The latest SSD drives do an enormous number of io/s, and they can move >200MB/sec. On every count, this is way better than hard drives.
So that brings me to decoding images, and how multi-core (think 8-16 cores) CPUs will work. For images, you can do two things with a lot of cores: improve latency (load a single image faster), or improve throughput (process a whole lot of images at once).
To make things difficult, let's talk about 20MB raw files. You just shot 1000 of them (20GB!) Today's regular hard drive and 4-core CPU are pretty evenly matched, but very slow: you'll probably spin a CPU for a second or two per image, and you'll have to be careful about scheduling disk traffic to maximize throughput: 4 threads banging on a disk will seek too much and make you disk-bound. You can do it, but it's very tricky.
Now let's give ourselves a 200MB/sec drive, infinite seeks, and 16 cores. Split the work any way you like and you'll come out okay. Normal hard drives (short of a 16-way RAID) won't work. Using conventional disks, you'd have way more CPU than disk.
This is why I think SSD has to be disruptive at this point in the evolution of computers. In addition to power usage and size, a multi-core CPU simply requires way too much intelligence in your disk controller to let 4-16 threads with different goals share a disk. Even for bandwidth-intensive operations like image decoding, conventional disk has become the bottleneck. SSD and multi-core together are the perfect technology partners.

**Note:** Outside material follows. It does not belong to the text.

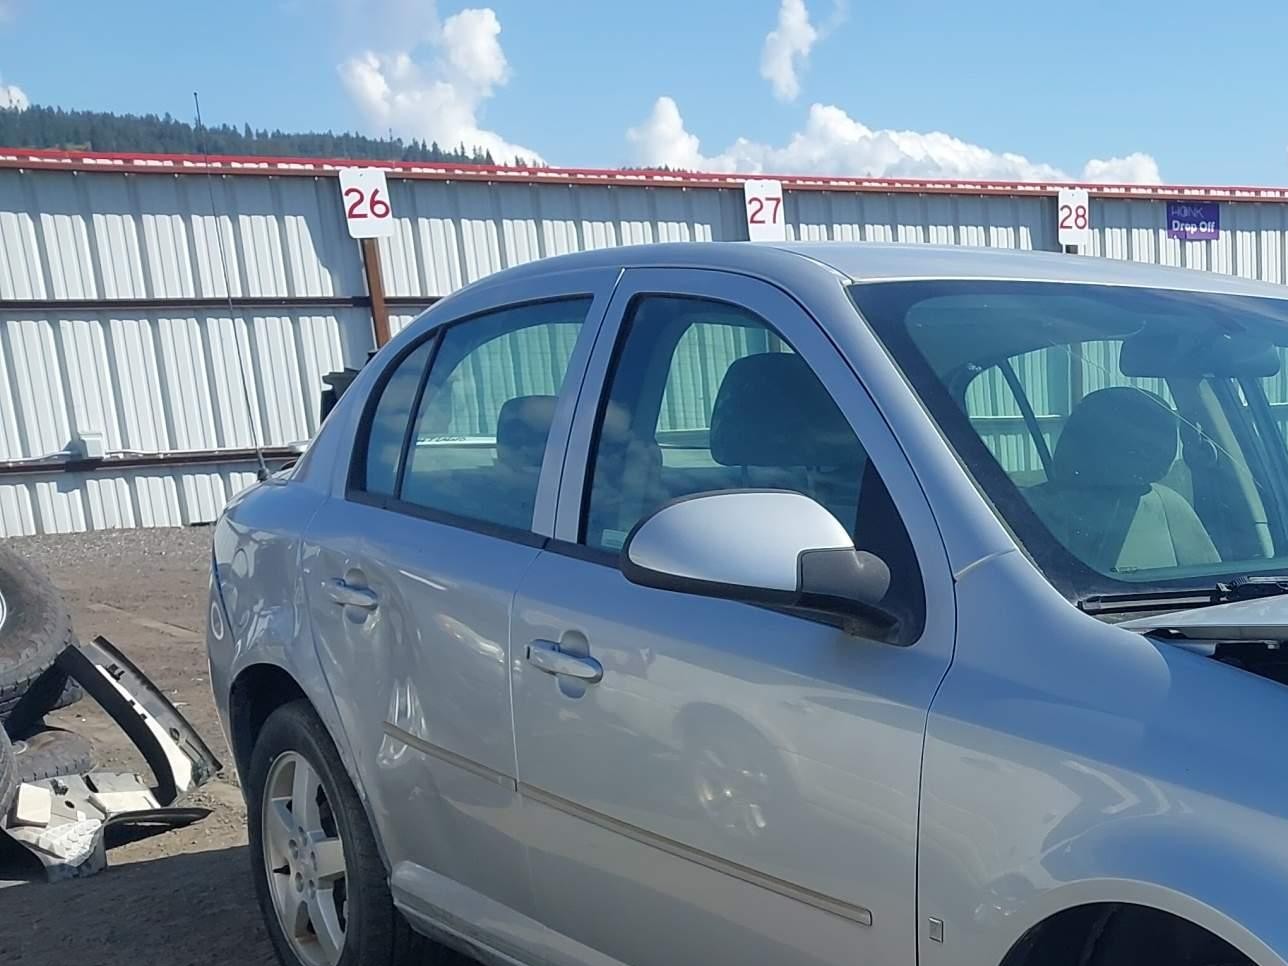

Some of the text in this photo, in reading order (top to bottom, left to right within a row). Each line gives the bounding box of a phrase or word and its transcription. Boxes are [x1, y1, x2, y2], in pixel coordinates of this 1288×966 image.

[344, 188, 390, 219] 26
[748, 197, 781, 224] 27
[1060, 204, 1087, 229] 28
[1172, 220, 1216, 234] Drop Off

Anyway, back to decoding images: a typical 20MB raw file is compressed using a Huffman compressor, in one big stream. If your goal is to reduce latency, this is a bad choice, because most people will implement this using a single CPU. If you're making a new file format, put some natural blocking in, please. Doing the lossless portion of JPEG or raw decoding (Huffman) is often the #1 bottleneck in modern decoders. It's branch-heavy, and it's hard to parallelize.
But can you make a parallel Huffman decoder? I believe it's possible, because you can seek to the middle of a set of bytes and re-synchronize with the bitstream (it's a static table, not dynamic). There don't seem to be any simple implementations of this. Even Intel's IPP is slower than a good C implementation.

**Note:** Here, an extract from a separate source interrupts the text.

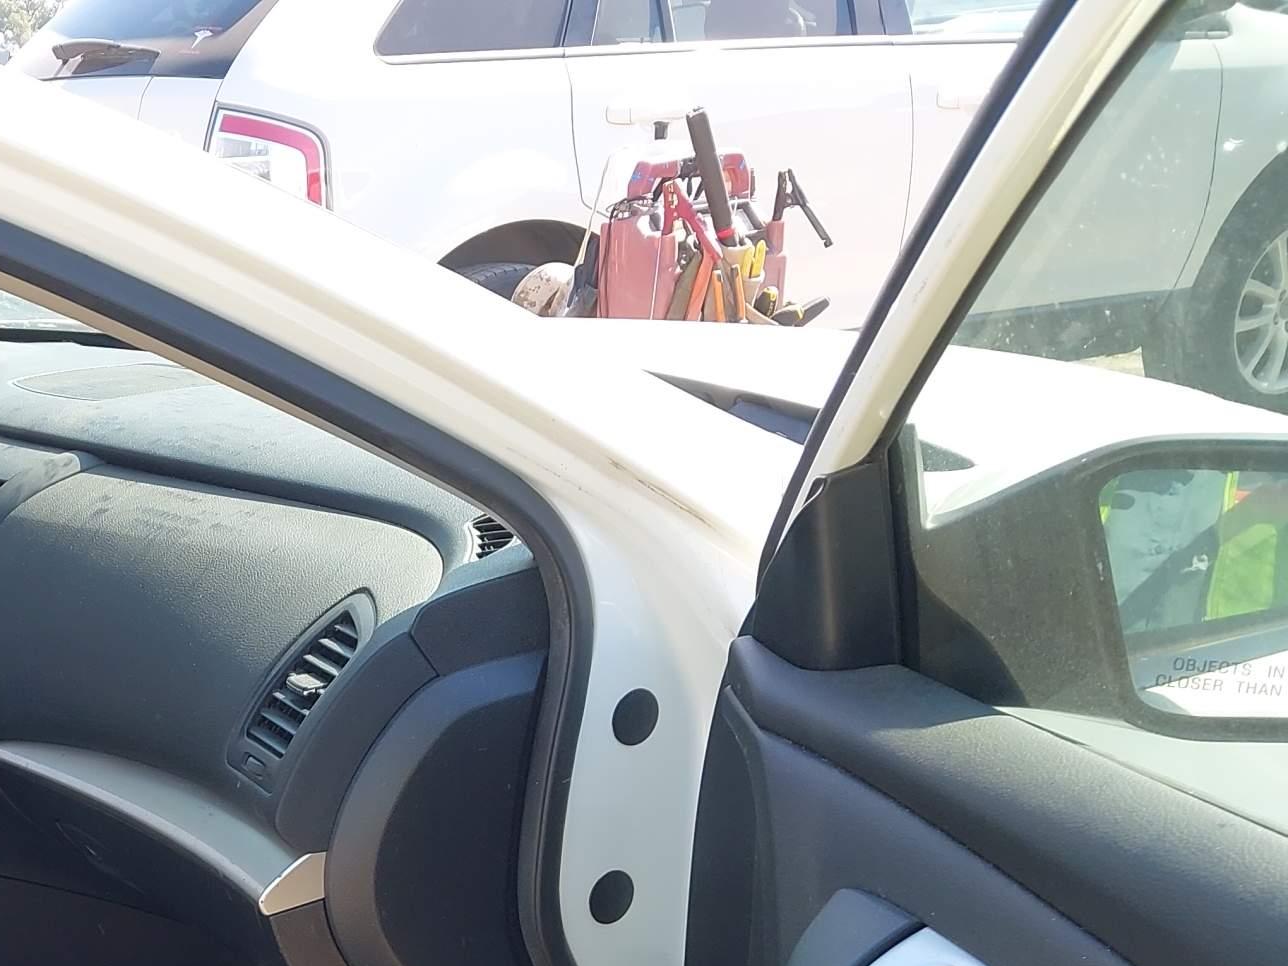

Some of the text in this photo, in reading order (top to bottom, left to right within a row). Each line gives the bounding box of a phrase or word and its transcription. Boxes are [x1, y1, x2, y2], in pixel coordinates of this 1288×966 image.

[1173, 657, 1286, 679] OBJECTS IN
[1155, 674, 1283, 697] CLOSER THAN

I think: linear scaling across cores is possible for Huffman decoding, and that the entirety of JPEG and raw decoding is also linearly scalable.
Does anyone know how in-camera DSP approaches this problem? A camera that shoots 10fps must have some pretty nice parallel magic.
If you didn't see it, there was a nice article at anantech on SSD the other day.
ReplyDeletehttp://www.anandtech.com/storage/showdoc.aspx?i=3531
This comment is a year too late, but many JPEGs are peppered with DRI/RSTn markers. Parallelizing the processing of the regions between RSTn markers is definitely do'able before you even begin to look at parallelizing Huffman or the encoded stream.
ReplyDeleteWe weren't using this feature for parallelization but instead for minimizing the instantaneous memory footprint in a Java JPEG decoder in J2ME (don't ask -- J2ME has terrible native JPEG decoding support so we had to perform unnatural acts like this).
Only problem, not all JPEGs are peppered with RST's.